Percobaan dilaksanakan di laboratorium pemuliaan Balai Penelitian Tanaman Buah Tropika (Balitbu Tropika), Solok, Sumatera Barat, pada bulan Mei sampai Desember 2015.

Bahan dan Alat Percobaan

Bahan yang digunakan untuk pengujian adalah lima sampel daun muda tanaman pisang yang diperoleh dari kebun koleksi pohon induk (KPI) pisang yang teregistrasi di Balitbu Tropika, yaitu ambon hijau (B1), yang diambil dari kebun koleksi plasma nutfah (KKPN) yaitu ambon hijau (B2), Musa lolodensis (B3), FHIA02 (B4), dan pisang dingin (B5), serta lima sampel yang diambil dari plantlet hasil kultur in vitro Laboratorium Produksi Pisang Balitbu Tropika dan hasil aklimatisasi, yaitu ambon hijau (B6), ambon hijau (B7), ambon hijau (B8), barangan (B9), dan barangan (B10). Bahan lain yang digunakan adalah Tag Kappa, primer RAPD CP.F1(5’ATGGCTAGGTATCCGAAG3’) dengan pasangannya CP.RI (5’CCAGAACTACAATAGAATGCC3’) 530 bp, NSP.F1 (5’CCTCGCAAGGTACTTCTTAG3’) dengan pasangannya NSP.R1 (5’CCATGTCTCTGCTCCAATCT3’) 237 bp, dan 100 bp DNA ladder. Sementara alat yang digunakan adalah tabung eppendorf, kertas tisu, pipet mikro, spatula, gunting, kertas label, rak tabung, pH meter, thermomixer comfort (Eppendorf), thermocycler (Eppendorf), stopwatch, kalkulator, perangkat elektroforesis, neraca analitik, Biospectrometer (Eppendorf), microwave, mortar, tabung semprot, botol duran, dan gelas ukur.
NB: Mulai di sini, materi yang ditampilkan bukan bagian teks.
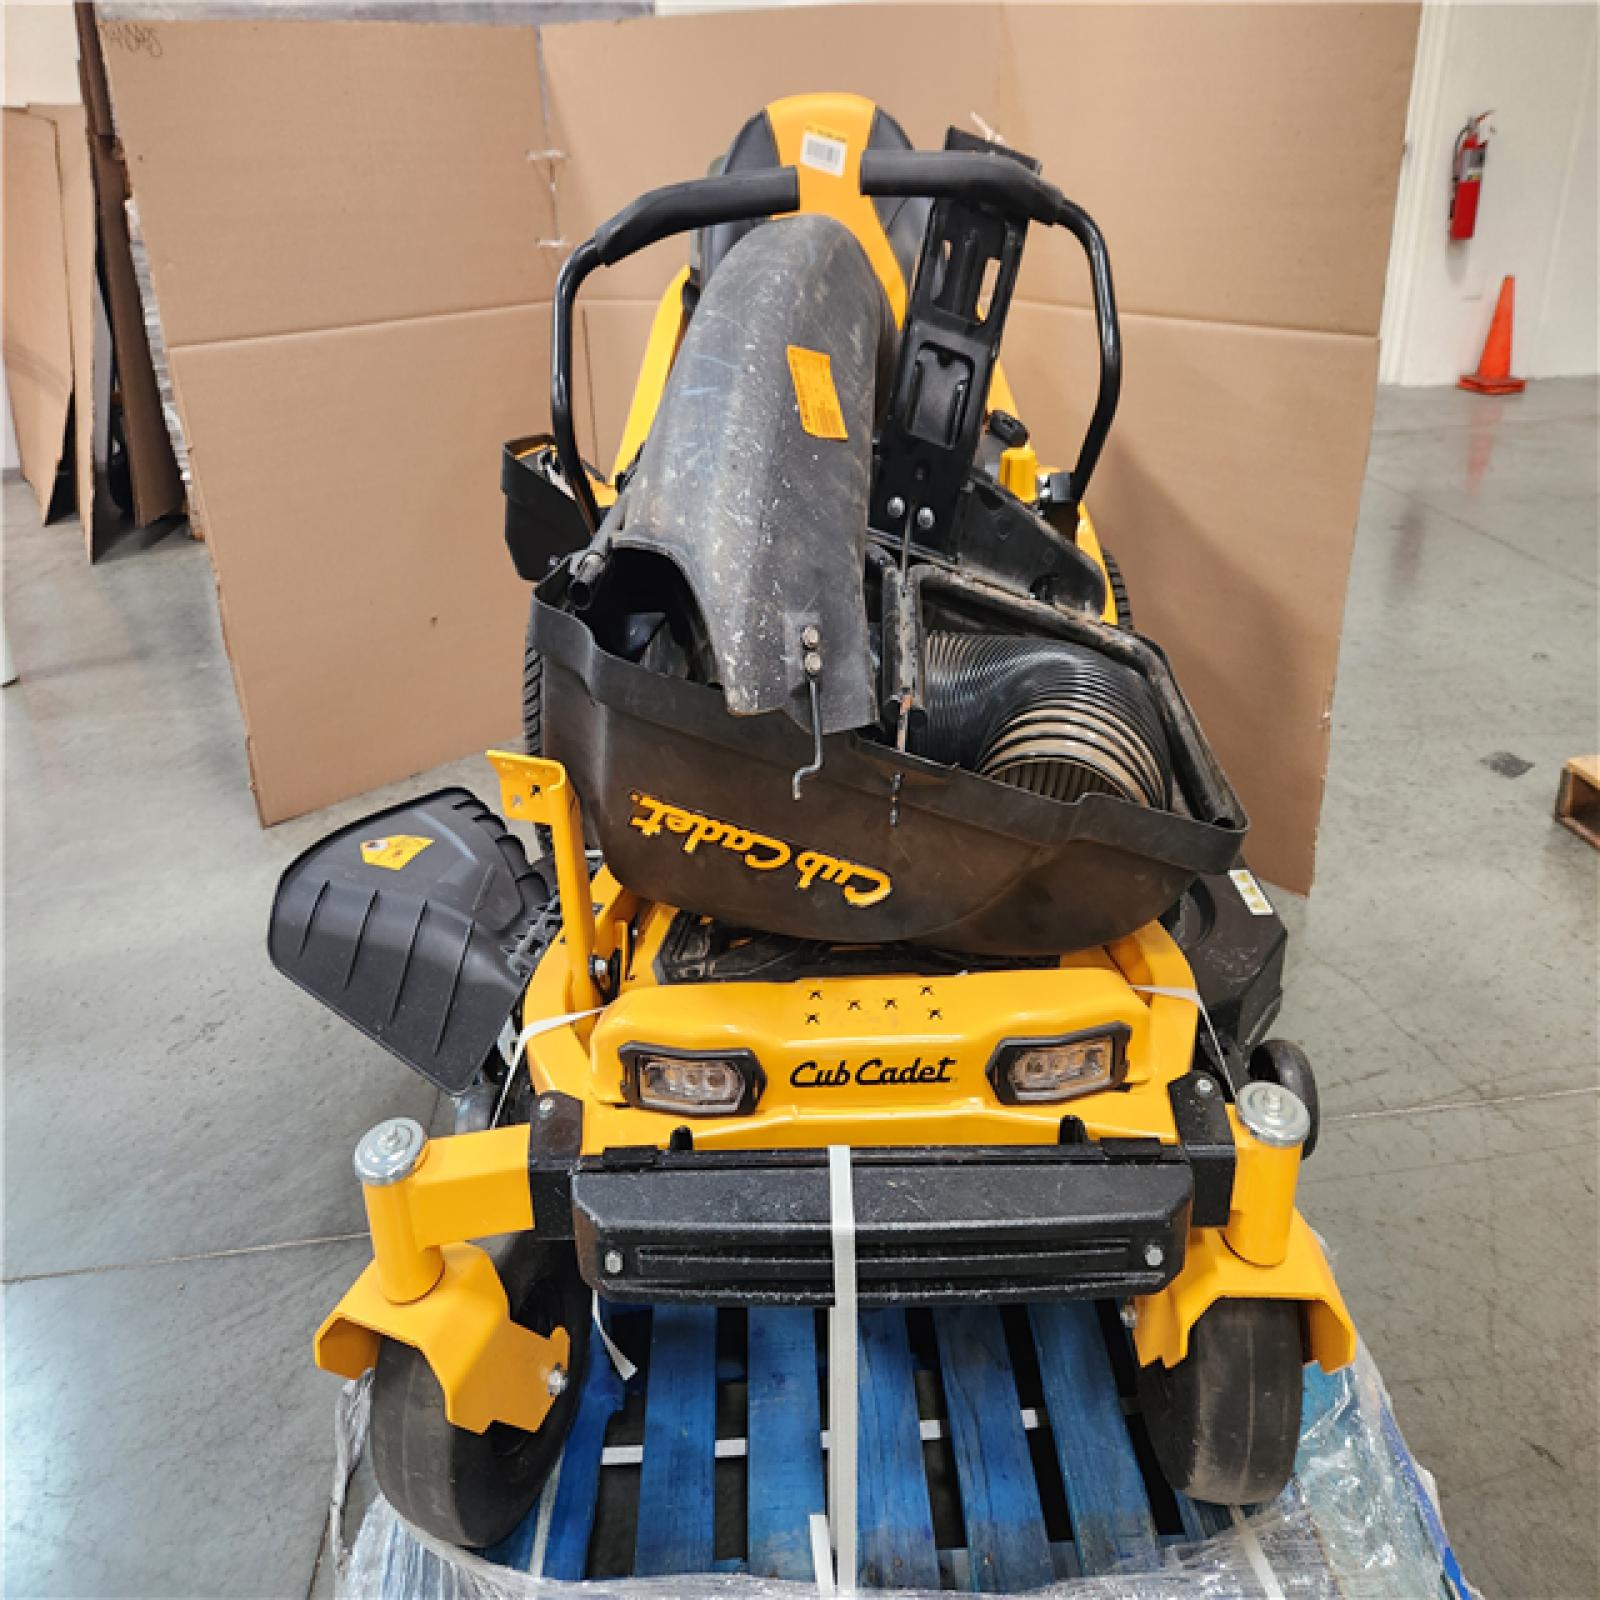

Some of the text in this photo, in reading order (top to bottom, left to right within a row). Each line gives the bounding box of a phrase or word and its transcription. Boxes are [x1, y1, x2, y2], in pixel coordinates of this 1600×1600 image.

[630, 793, 891, 907] Cub Cadet
[790, 1057, 957, 1088] Cub Cadet
Persiapan Percobaan Ekstraksi DNA

Sampel daun segar yang baru diambil segera dicuci dengan air mengalir dan diambil 0,2 g untuk digerus menggunakan pasir kuarsa untuk mempermudah penggerusan dan memecah jaringan. Saat menggerus sampel ditambah bufer ekstraksi CTAB 2% dan PVP kira-kira seujung spatula. PVP berfungsi sebagai antioksidan untuk menghilangkan pencokelatan yang diakibatkan oleh metabolit sekunder. Bufer ekstraksi CTAB 2% terdiri atas CTAB, NaCl, Tris-HCl, EDTA, dan air suling. CTAB berfungsi melisis membran dan membentuk kompleks dengan asam nukleat yang juga dibantu oleh NaCl. EDTA berfungsi untuk mengikat ion logam untuk mencegah aktivitas enzim nuklease. Inkubasi di dalam waterbath dengan suhu 65o C dengan kecepatan 300 rpm selama 30 menit bertujuan untuk mengoptimalkan lisis sel, sementara sentrifugasi bertujuan untuk memisahkan asam nukleat dari sisa-sisa sel berdasarkan berat molekulnya. Penambahan campuran kloroform:isoamil alkohol (CIA) 24:1 serta isopropanol berfungsi untuk menghilangkan kontaminan pada ekstraksi DNA. Setelah melalui tahap tersebut, pelet kering ditambahkan 70% etanol untuk mencuci DNA dan dinding tabung. Penambahan bufer TE pada akhir ekstraksi dilakukan untuk melarutkan pelet DNA. Hasil ekstraksi selanjutnya diperiksa kuantitasnya menggunakan Biospectrometer (Eppendorf). Pengujian kualitas DNA menggunakan elektroforesis pada gel agarose 0,8%.

Proses PCR

Reaksi PCR dilaksanakan dengan volume 25 µl menggunakan 12,5 µl-1 KAPA2G Fast Ready Mix PCR kit (Kapa Biosystems Inc., USA) yang telah mengandung 0,5 unit polimerase, 1,5 mM MgCl2 dan dNTP mix, ditambah 1 µl masing-masing primer 10 µM, 15 ng DNA genom dan10,5 µl ddH2O. Semua dimasukkan dalam tabung PCR lalu dicampur melalui proses PCR menggunakan mesin PCR Eppendorf dengan proses amplifikasi sebagai berikut: pradenaturasi 95o C selama 3 menit, denaturasi 95o C selama 15 detik, annealing 47o C selama 15 detik, extension 72o C selama 5 detik, Fe-extension 72o C selama 10 menit, dengan siklus 28x.

Gel Elektroforesis

Hasil PCR dielektroforesis pada gel 1,2% di dalam electrophoresis chamber yang sudah diisi bufer SB 1x, diisikan satu sumuran pertama dengan 1 Kb DNA ladder. Setelah itu,

elektroforesis dijalankan dengan daya 50 volts sampai penanda loading dye berada di sekitar 1 cm di atas batas gel bagian bawah.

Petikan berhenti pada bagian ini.